**How to complete this task**
Repeat the records below exactly, leaving out any pictures.

Source data section start

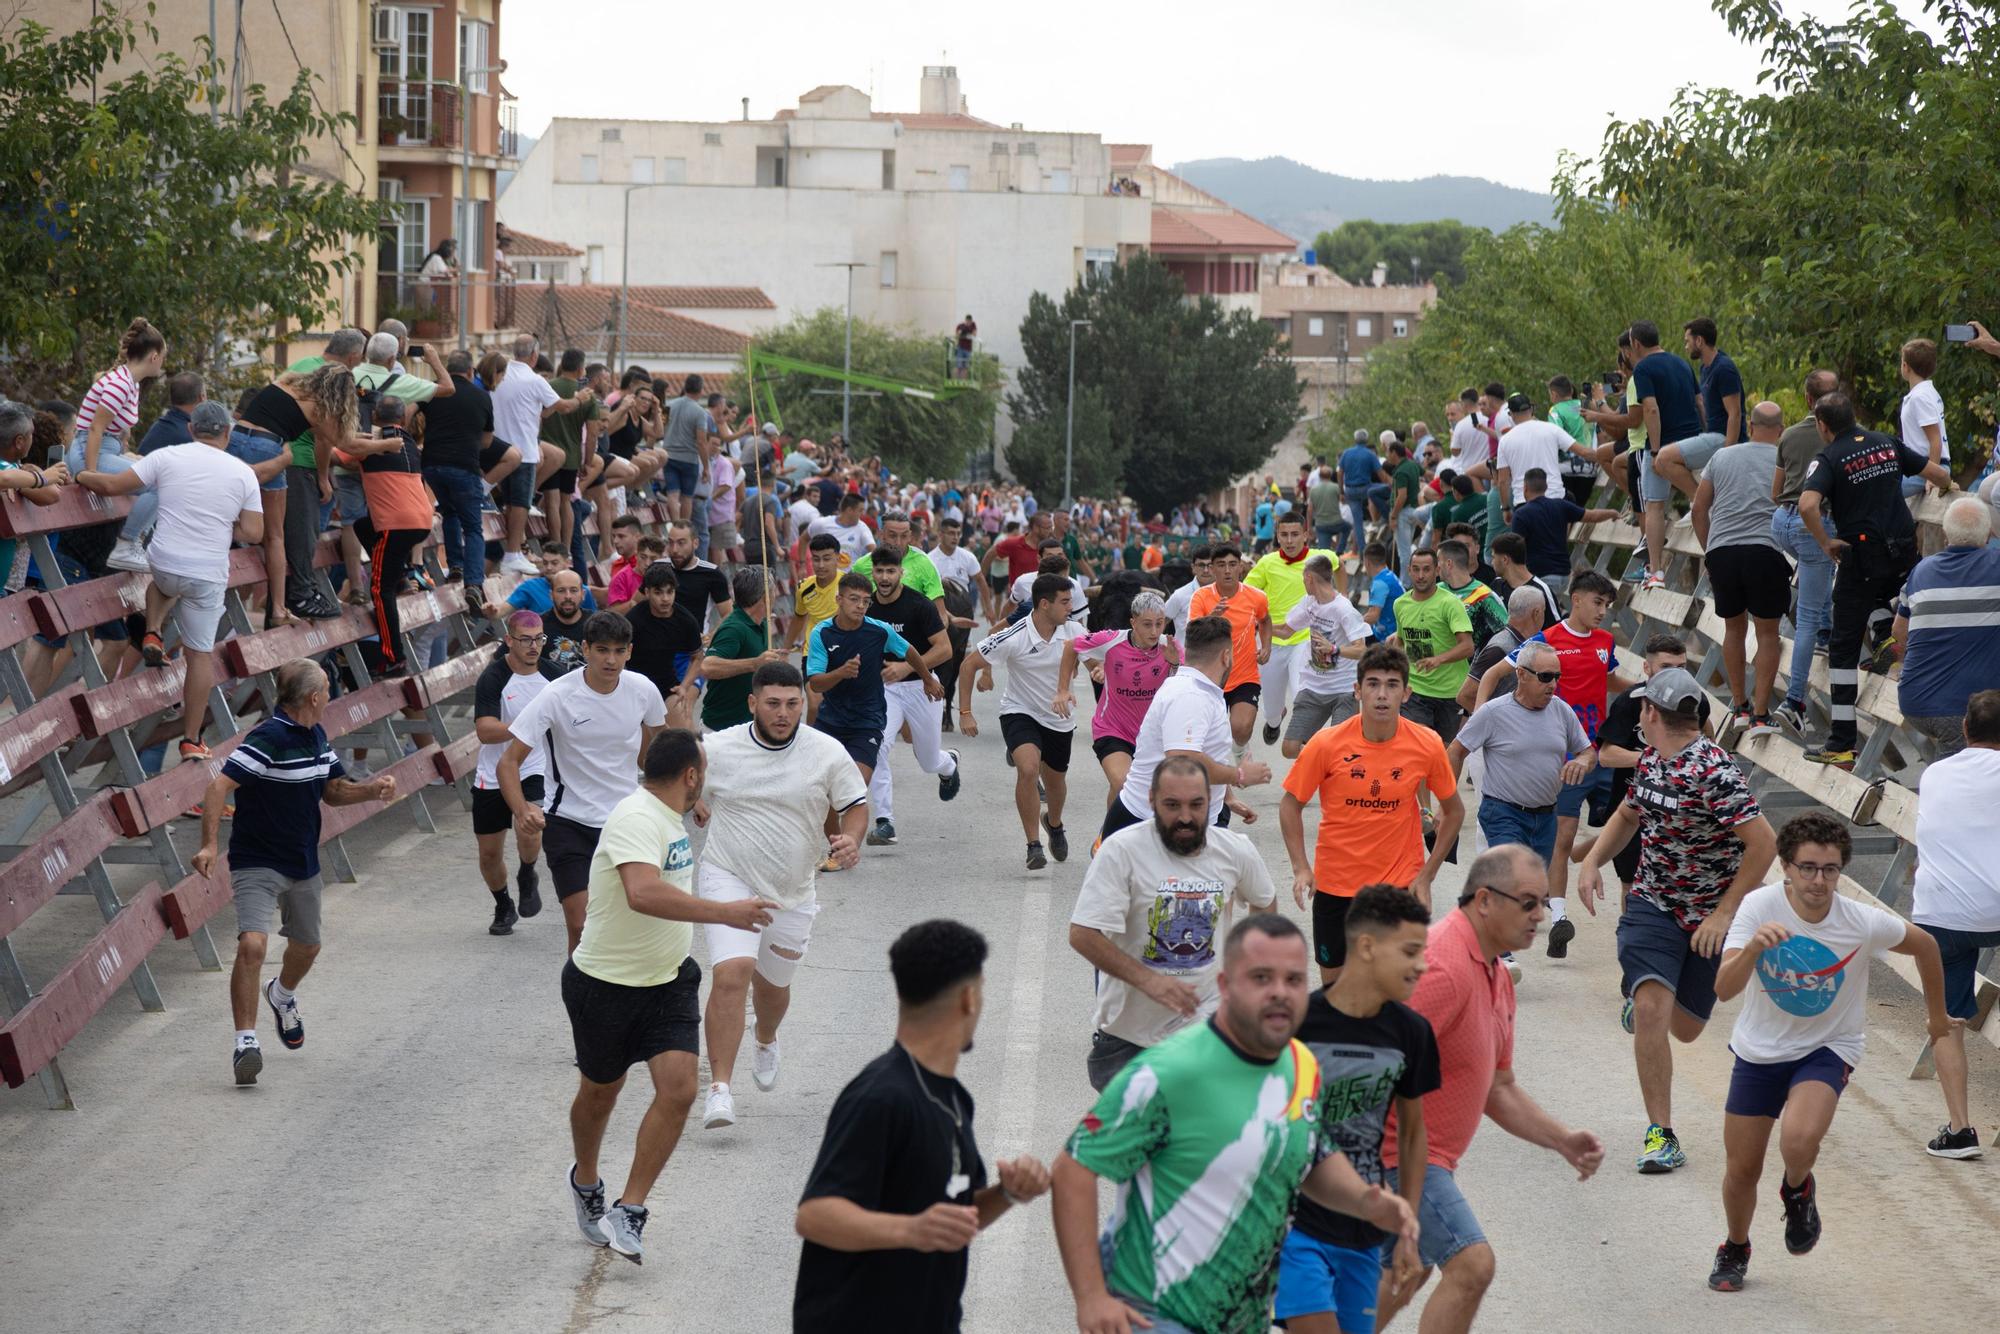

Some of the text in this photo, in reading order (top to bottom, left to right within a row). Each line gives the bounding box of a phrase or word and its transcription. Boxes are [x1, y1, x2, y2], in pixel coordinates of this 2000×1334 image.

[1845, 458, 1867, 473] 112
[1852, 466, 1898, 484] CALASPARRA
[1116, 687, 1157, 698] ortodent
[1345, 797, 1400, 809] ortodent
[1650, 791, 1664, 805] FOR
[1664, 795, 1678, 809] YOU
[1762, 958, 1836, 992] NASA
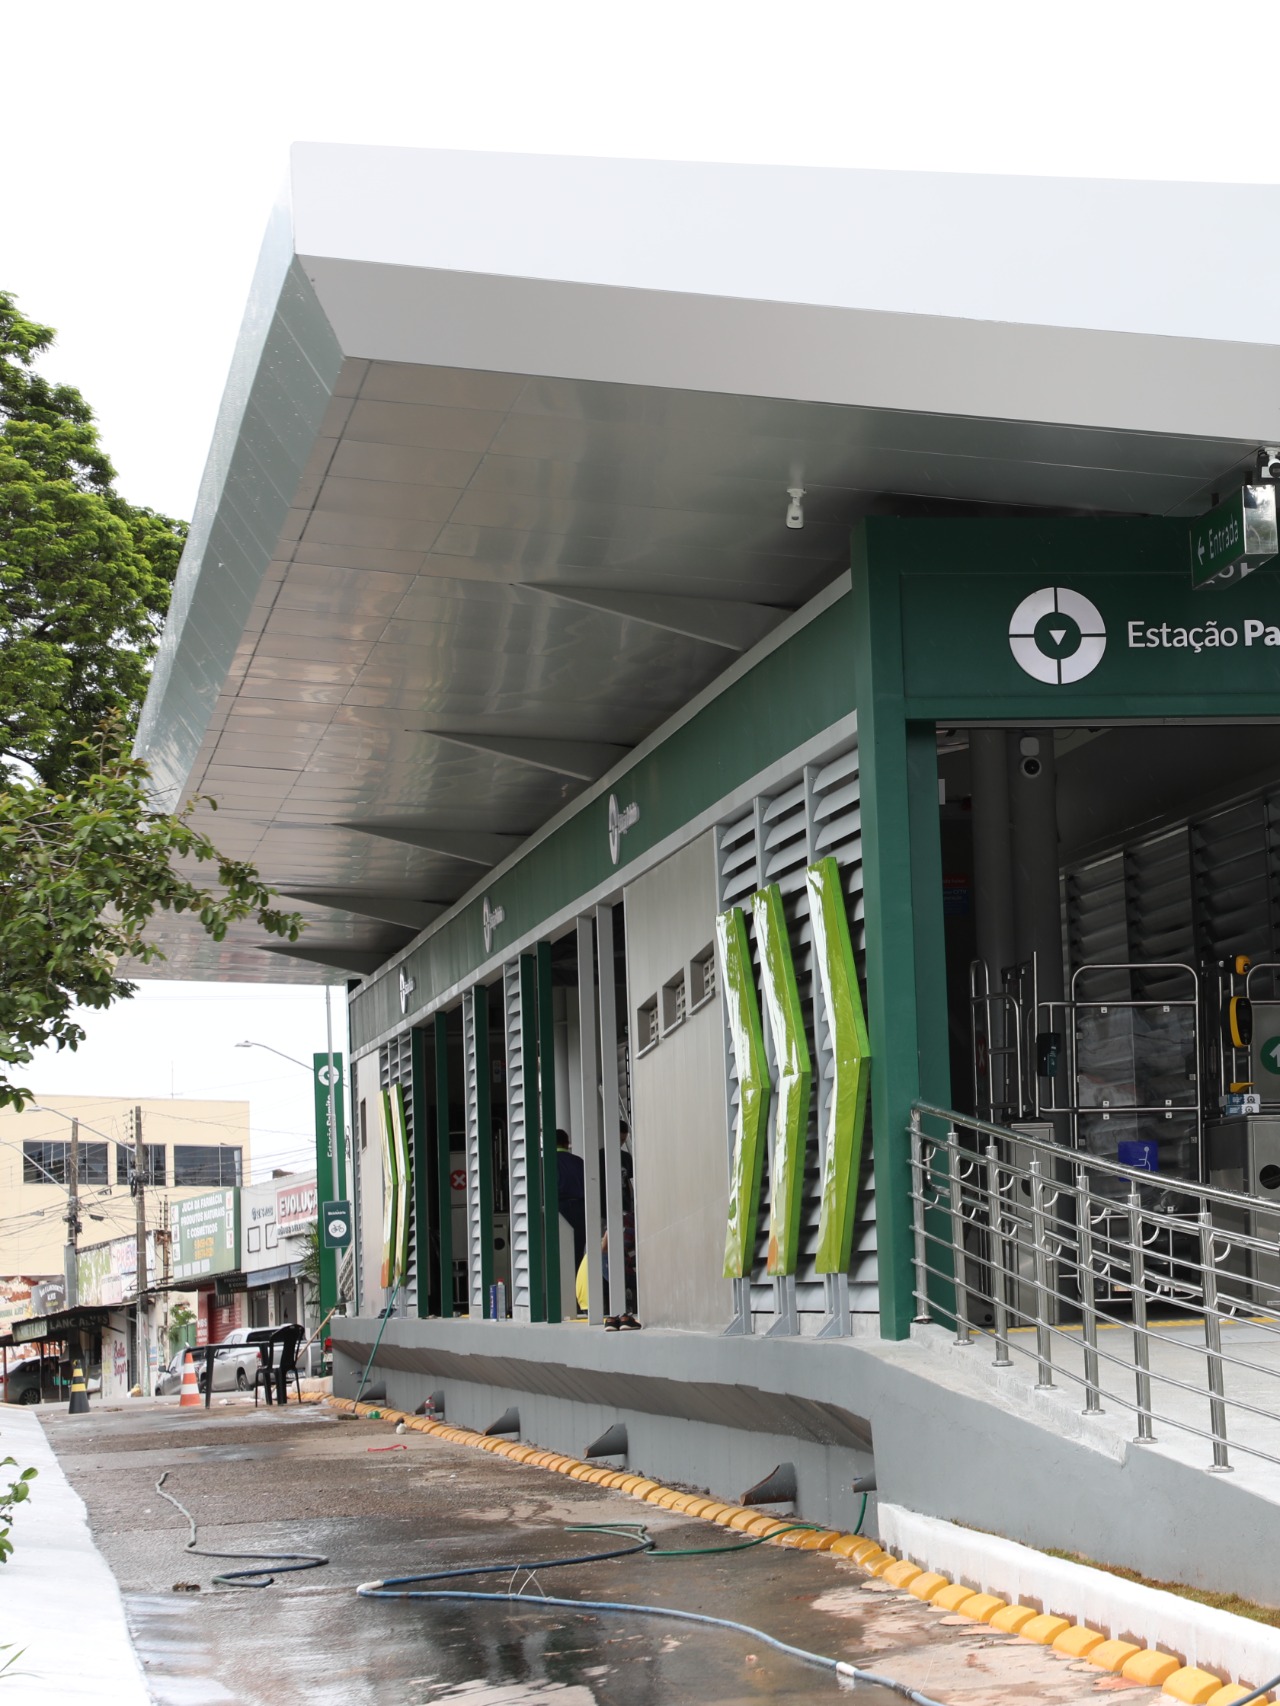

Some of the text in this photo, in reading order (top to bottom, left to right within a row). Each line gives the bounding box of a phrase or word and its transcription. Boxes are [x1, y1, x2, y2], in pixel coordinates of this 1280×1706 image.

[1208, 513, 1239, 559] Entrada
[1127, 620, 1239, 654] Estação
[181, 1193, 223, 1213] JUCA DA FARMÁCIA
[181, 1206, 226, 1227] PRODUTOS NATURAIS
[186, 1222, 218, 1239] E COSMÉTICOS

Source data section end

**Answer for this exercise**
Some of the text in this photo, in reading order (top to bottom, left to right within a row). Each line gives the bounding box of a phrase or word and its transcription. Boxes are [x1, y1, x2, y2], in pixel coordinates of this 2000×1334 image.

[1845, 458, 1867, 473] 112
[1852, 466, 1898, 484] CALASPARRA
[1116, 687, 1157, 698] ortodent
[1345, 797, 1400, 809] ortodent
[1650, 791, 1664, 805] FOR
[1664, 795, 1678, 809] YOU
[1762, 958, 1836, 992] NASA

Some of the text in this photo, in reading order (top to bottom, left to right within a row). Each line gives the bounding box of a phrase or word and its transcription. Boxes are [x1, y1, x2, y2], in pixel coordinates of this 1280×1706 image.

[1208, 513, 1239, 559] Entrada
[1127, 620, 1239, 654] Estação
[181, 1193, 223, 1213] JUCA DA FARMÁCIA
[181, 1206, 226, 1227] PRODUTOS NATURAIS
[186, 1222, 218, 1239] E COSMÉTICOS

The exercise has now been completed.